--- Work to be completed ---
Word for word, restate the lines of the listing below from the line with "this 1280×960 image." through the line with "this 1920×1080 image.", and do not include the pictures.

--- Records for this exercise ---
++++++

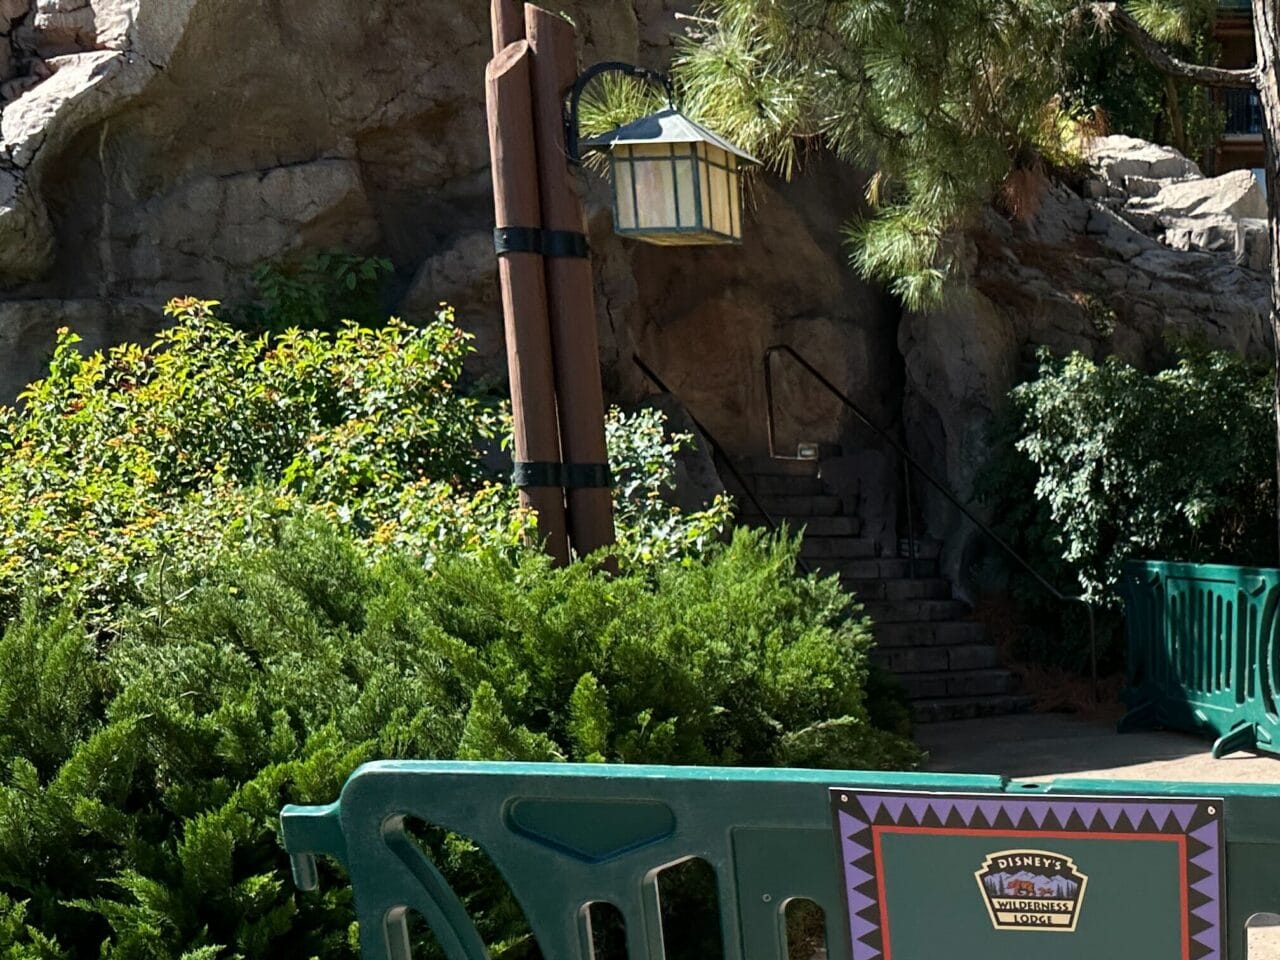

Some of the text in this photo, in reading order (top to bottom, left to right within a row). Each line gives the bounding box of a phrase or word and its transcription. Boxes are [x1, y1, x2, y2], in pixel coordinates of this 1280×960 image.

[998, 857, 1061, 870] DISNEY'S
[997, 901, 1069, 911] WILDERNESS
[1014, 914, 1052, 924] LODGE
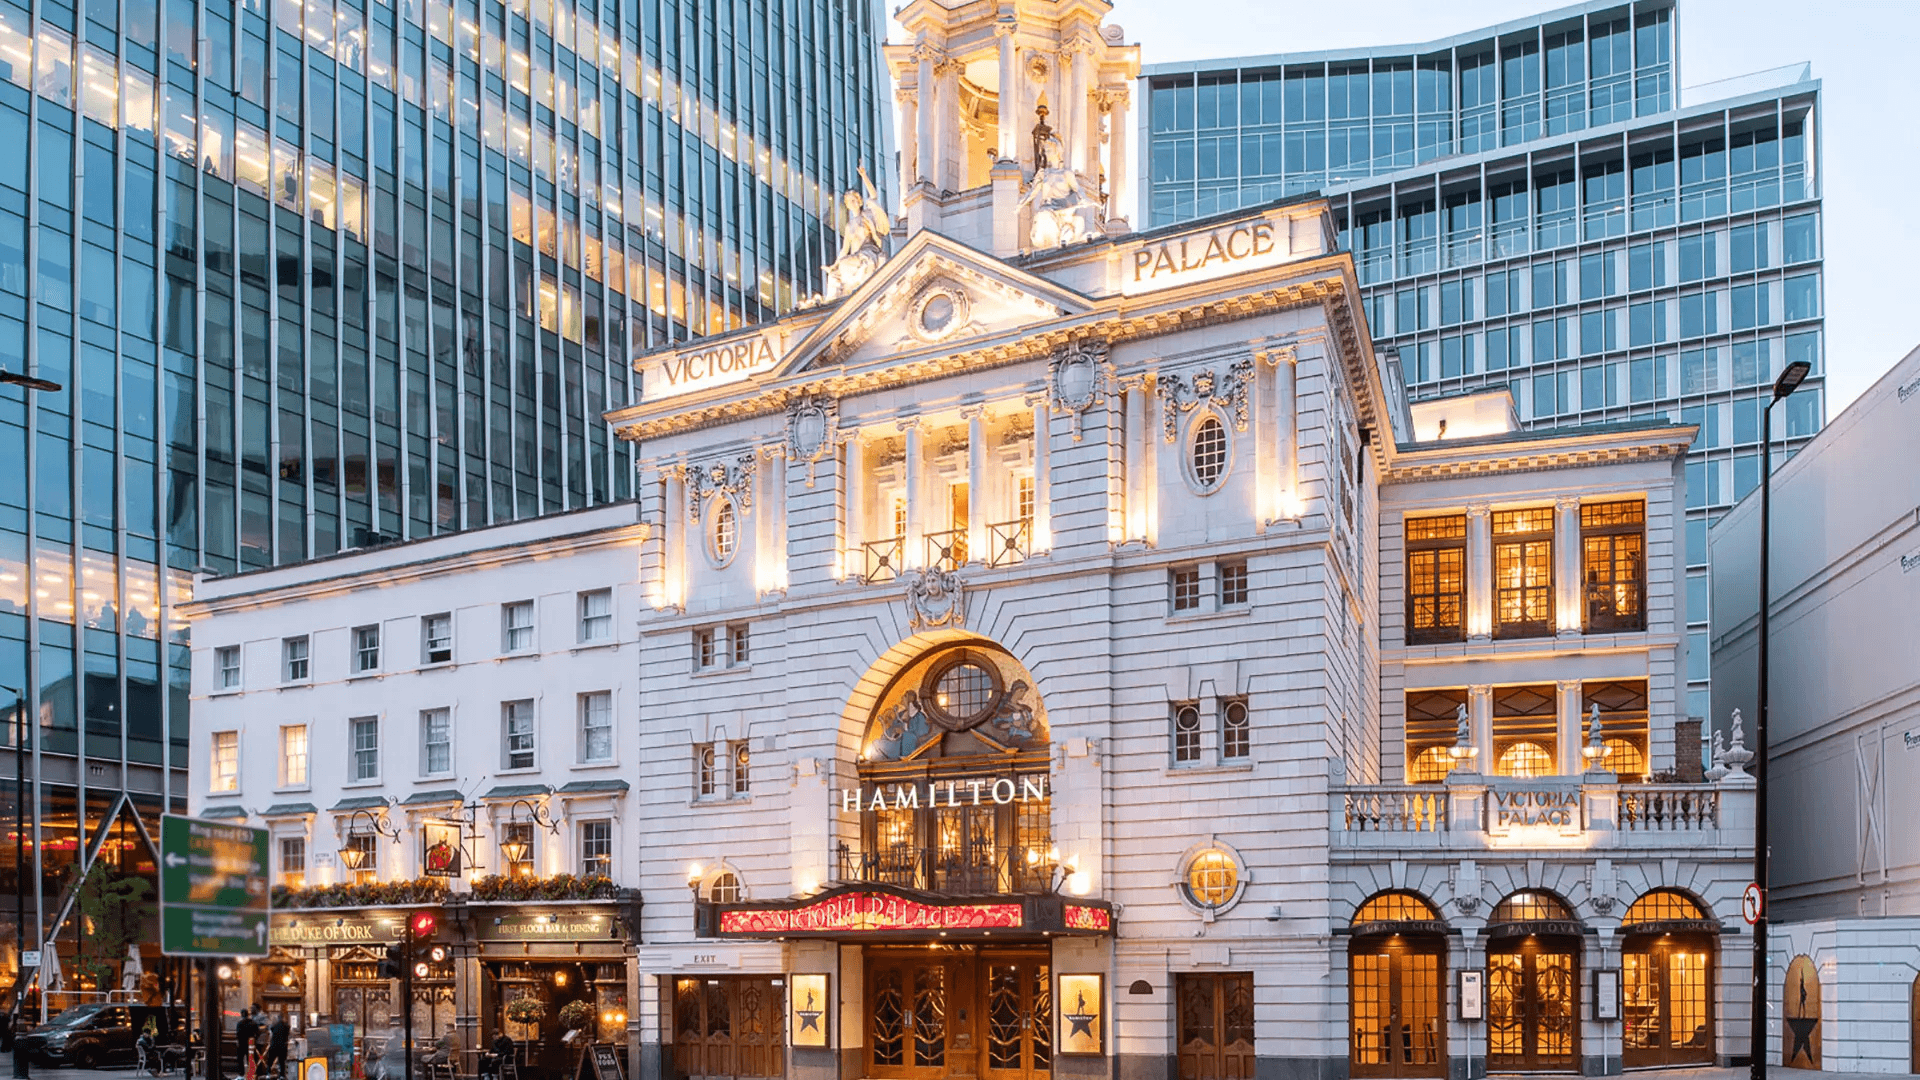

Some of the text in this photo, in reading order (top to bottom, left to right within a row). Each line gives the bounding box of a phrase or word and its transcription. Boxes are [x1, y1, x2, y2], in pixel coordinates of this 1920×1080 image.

++++++

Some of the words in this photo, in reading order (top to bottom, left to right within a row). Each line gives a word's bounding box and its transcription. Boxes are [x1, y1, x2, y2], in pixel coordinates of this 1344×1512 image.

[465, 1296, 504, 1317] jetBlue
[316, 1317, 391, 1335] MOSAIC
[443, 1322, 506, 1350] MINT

++++++

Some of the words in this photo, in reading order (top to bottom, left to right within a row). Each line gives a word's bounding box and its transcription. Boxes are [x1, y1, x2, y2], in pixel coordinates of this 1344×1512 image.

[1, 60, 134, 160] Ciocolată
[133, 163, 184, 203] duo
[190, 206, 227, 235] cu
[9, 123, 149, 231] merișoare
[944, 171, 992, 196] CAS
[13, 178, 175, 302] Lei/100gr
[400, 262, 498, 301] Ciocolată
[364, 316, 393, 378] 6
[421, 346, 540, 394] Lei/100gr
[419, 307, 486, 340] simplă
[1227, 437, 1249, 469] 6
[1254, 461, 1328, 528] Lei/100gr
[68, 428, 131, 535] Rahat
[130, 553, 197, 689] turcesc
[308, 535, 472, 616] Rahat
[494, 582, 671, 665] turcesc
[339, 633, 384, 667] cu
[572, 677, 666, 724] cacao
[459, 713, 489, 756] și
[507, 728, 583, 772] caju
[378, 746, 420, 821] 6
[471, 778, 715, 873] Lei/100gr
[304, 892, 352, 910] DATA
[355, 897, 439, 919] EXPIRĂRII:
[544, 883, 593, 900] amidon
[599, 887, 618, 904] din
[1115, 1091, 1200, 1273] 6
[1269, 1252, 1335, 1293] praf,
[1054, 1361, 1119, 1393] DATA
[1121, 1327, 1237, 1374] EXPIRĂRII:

++++++

--- Solved exercise ---
Some of the text in this photo, in reading order (top to bottom, left to right within a row). Each line gives the bounding box of a phrase or word and its transcription. Boxes are [x1, y1, x2, y2], in pixel coordinates of this 1280×960 image.

[998, 857, 1061, 870] DISNEY'S
[997, 901, 1069, 911] WILDERNESS
[1014, 914, 1052, 924] LODGE

Some of the text in this photo, in reading order (top to bottom, left to right within a row). Each line gives the bounding box of a phrase or word and its transcription. Boxes are [x1, y1, x2, y2], in pixel coordinates of this 1920×1080 image.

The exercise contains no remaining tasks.